Steinbeck wrote the words. Since I’ve no time for reading, I listen to audio books in the car. It’s how I grow in the midst of harried life. At first, I thought,

“I’m including way too much here.”

But then, in the spirit of anti-take-a-section-of-words-you-like-and-make-it-support-your-argument, I decided to copy the words of Steinbeck completely, honoring a man who chose his words carefully and wouldn’t want them sliced and diced for the awkward pleasures of lesser minds. He whittled and sanded and polished this prose until it shines brilliant. To jump to the climax is like taking a helicopter to the summit of a mountain — it’s …

cheating.

One must experience the moods and characters of the speakers. A reader should be present. So, I included the entire conversation.
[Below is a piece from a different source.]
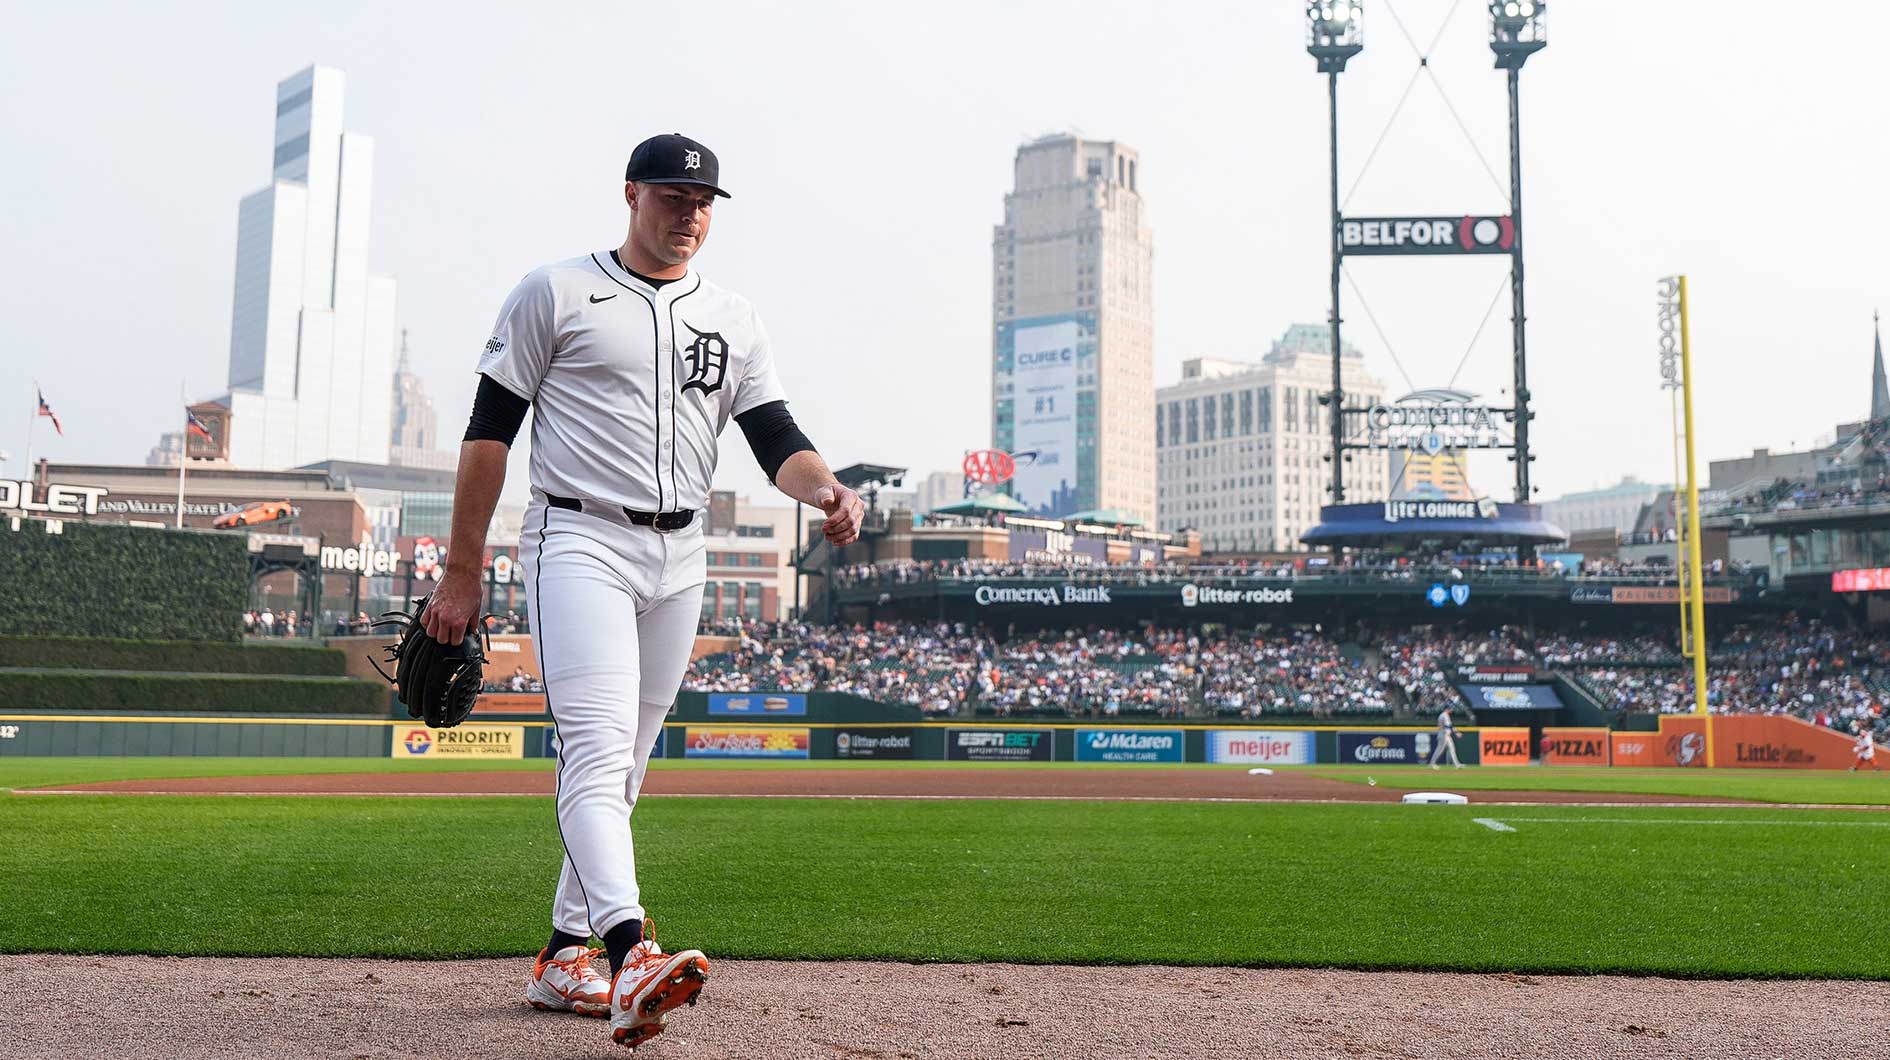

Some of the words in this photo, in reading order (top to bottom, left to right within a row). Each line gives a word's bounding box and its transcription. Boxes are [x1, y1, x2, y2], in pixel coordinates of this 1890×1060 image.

I refrain from adding explanations or interpretations or commentary on the section. Like Scripture, it is pregnant with paradox. I’d be adding a few touch-ups to a Van Gogh. But I pinged several articles that speak on the matter. Notice how commentary reveals more about the writer than what has been written! Truth is so quickly captured and caged! The wildness is tamed.

Readers should wrestle alone with the words — in their cars and closets, in their shells and hearts, in the mornings and evenings.  Steinbeck writes it with so much gush and restraint that I really believe he crosses chasms on spider web threads — in other words, he speaks truth. I’ll only share my emotional experience with you. This whole week my face has shined with the glory of hearing it. I felt the pulsing of the planet’s core and I heard the singing of stars. The fragrance of lilacs floated by and the saints held their breath. God still speaks through men. We haven’t killed off all the prophets.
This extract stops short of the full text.